Andrea Vinley Jewell writes over at Family.org, Focus on the Family’s website, that

“In today’s fast-paced world, reading often rides in the backseat of the entertainment car. While advances in technology have made for impressive entertainment choices, it’s important to remember that reading is the only entertainment medium that’s also an essential life skill.”

She goes on to list specific benefits: Reading

  • boosts intelligence,
  • provides competence in school and for future jobs,
  • and inspires the imagination like no digital medium can.

So true, so true. You see this in the classroom as clear as crystal. Student’s who have been readers know more, have more categories to put things into, are able to synthesize divergent concepts into a unified whole, and just plain understand what they are reading. It all spells success in the classroom in their jobs.

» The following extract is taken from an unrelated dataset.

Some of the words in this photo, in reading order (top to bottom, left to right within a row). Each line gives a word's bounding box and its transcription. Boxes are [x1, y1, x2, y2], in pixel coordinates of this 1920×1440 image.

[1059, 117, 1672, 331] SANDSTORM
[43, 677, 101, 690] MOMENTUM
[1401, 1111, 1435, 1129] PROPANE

Readers can also park their behinds in a chair and wade through material for longer periods of time, translating into much higher productivity when they study, which is to say, they get better grades because they know more. Non-readers have shorter attention spans and, just like Dad with the remote control, they’re always switching from one thing to another without getting deep into anything.

What produces good readers? A lot of things come to mind, but foremost are

  • Parents: parents that read to their kids are much more likely to raise kids that read. The library is chock-a-block full of great books for kids. Kid’s librarians take their jobs seriously and its serious fun. I would love that job.
  • Good Books: Here, also, parents can excercise a lot of influence. Get involved in selecting good books. And the books you read with your kids helps them develop a taste for the good stuff. Treasure Island is hard to beat. So is Because of Winn Dixie. There are many many more. Just go looking for them.

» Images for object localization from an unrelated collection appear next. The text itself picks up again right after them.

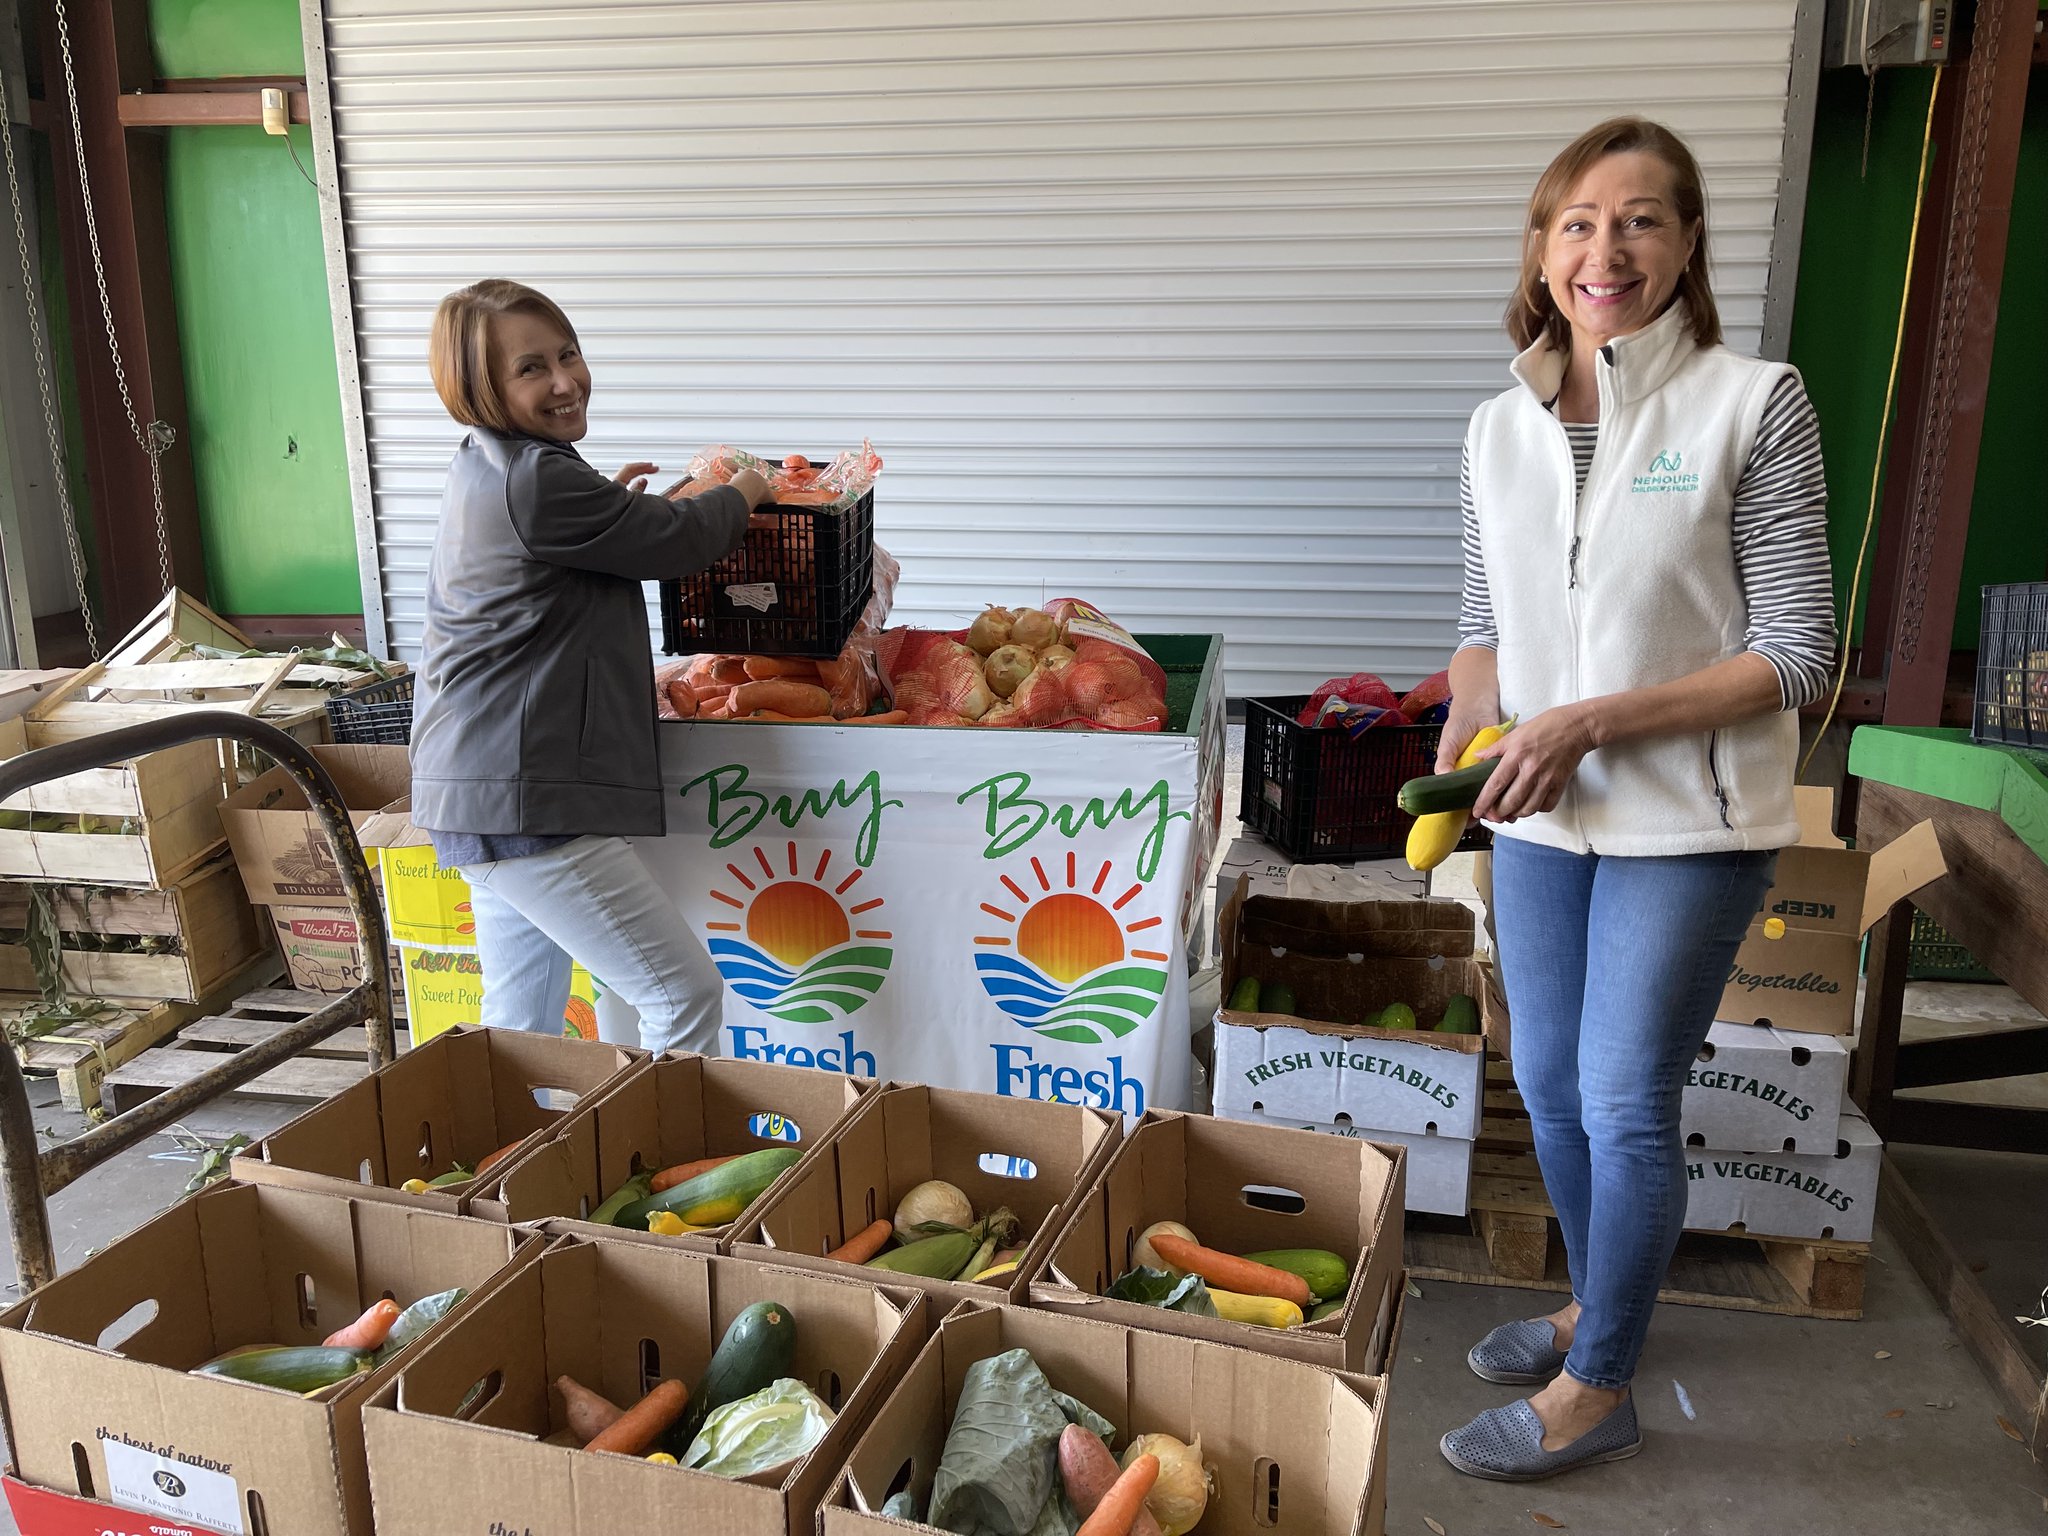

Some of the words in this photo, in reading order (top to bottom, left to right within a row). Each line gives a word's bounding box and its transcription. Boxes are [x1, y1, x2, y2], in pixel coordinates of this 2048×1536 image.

[1633, 473, 1699, 485] NEMOURS
[680, 764, 903, 867] Buy
[957, 771, 1191, 882] Buy
[395, 859, 428, 878] Sweet
[431, 862, 462, 880] Pota
[298, 922, 335, 937] Wada
[1772, 900, 1835, 919] KEEP
[421, 985, 454, 1004] Sweet
[726, 1026, 876, 1077] Fresh
[990, 1044, 1144, 1118] Fresh
[1244, 1052, 1313, 1087] FRESH
[1319, 1051, 1460, 1109] VEGETABLES
[1685, 1070, 1815, 1121] EGETABLES
[1713, 1162, 1854, 1212] VEGETABLES
[157, 1444, 175, 1459] of
[115, 1485, 139, 1500] LEVIN
[141, 1494, 193, 1518] PAPANTONIO
[196, 1512, 238, 1531] RAFFERTY

Of course, you can make mistakes. Some books just stink, no doubt about it. Example: I bought a Zooey 101 book for my daughter throught the Scholastic Book Club, on the chance it might be ok. Its based on a Nick TV series-I should have seen this one coming, but I admit that I didn’t at all.

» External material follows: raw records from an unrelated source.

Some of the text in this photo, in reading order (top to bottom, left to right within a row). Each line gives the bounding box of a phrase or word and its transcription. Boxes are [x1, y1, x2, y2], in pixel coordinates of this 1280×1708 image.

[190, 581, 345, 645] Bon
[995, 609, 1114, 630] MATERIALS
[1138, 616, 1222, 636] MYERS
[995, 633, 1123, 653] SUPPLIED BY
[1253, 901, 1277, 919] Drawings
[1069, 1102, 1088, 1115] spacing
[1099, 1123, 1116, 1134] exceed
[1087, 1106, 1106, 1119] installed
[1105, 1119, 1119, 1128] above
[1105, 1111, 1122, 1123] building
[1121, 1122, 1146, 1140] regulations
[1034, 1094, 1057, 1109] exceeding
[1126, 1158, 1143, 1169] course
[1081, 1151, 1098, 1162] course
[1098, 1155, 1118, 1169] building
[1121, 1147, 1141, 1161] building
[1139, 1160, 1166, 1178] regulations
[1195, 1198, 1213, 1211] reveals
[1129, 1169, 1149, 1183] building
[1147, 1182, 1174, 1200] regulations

OOOOOhhh! it chills me to think how bad that book is. My daughter won’t even open the cover and read the first page. She knew as soon as she saw it that it would be more effective as an inducement to emesis than brain food.

On the other hand, a good book is almost impossible to put down. I’m now catching my third-grader reading late at night and early in the morning when she should be sleeping. I tell her to go to sleep, of course, but this reading disease seems to run in the family. My wife and I both caught it from our Dads, and who knows how long its been running in the family.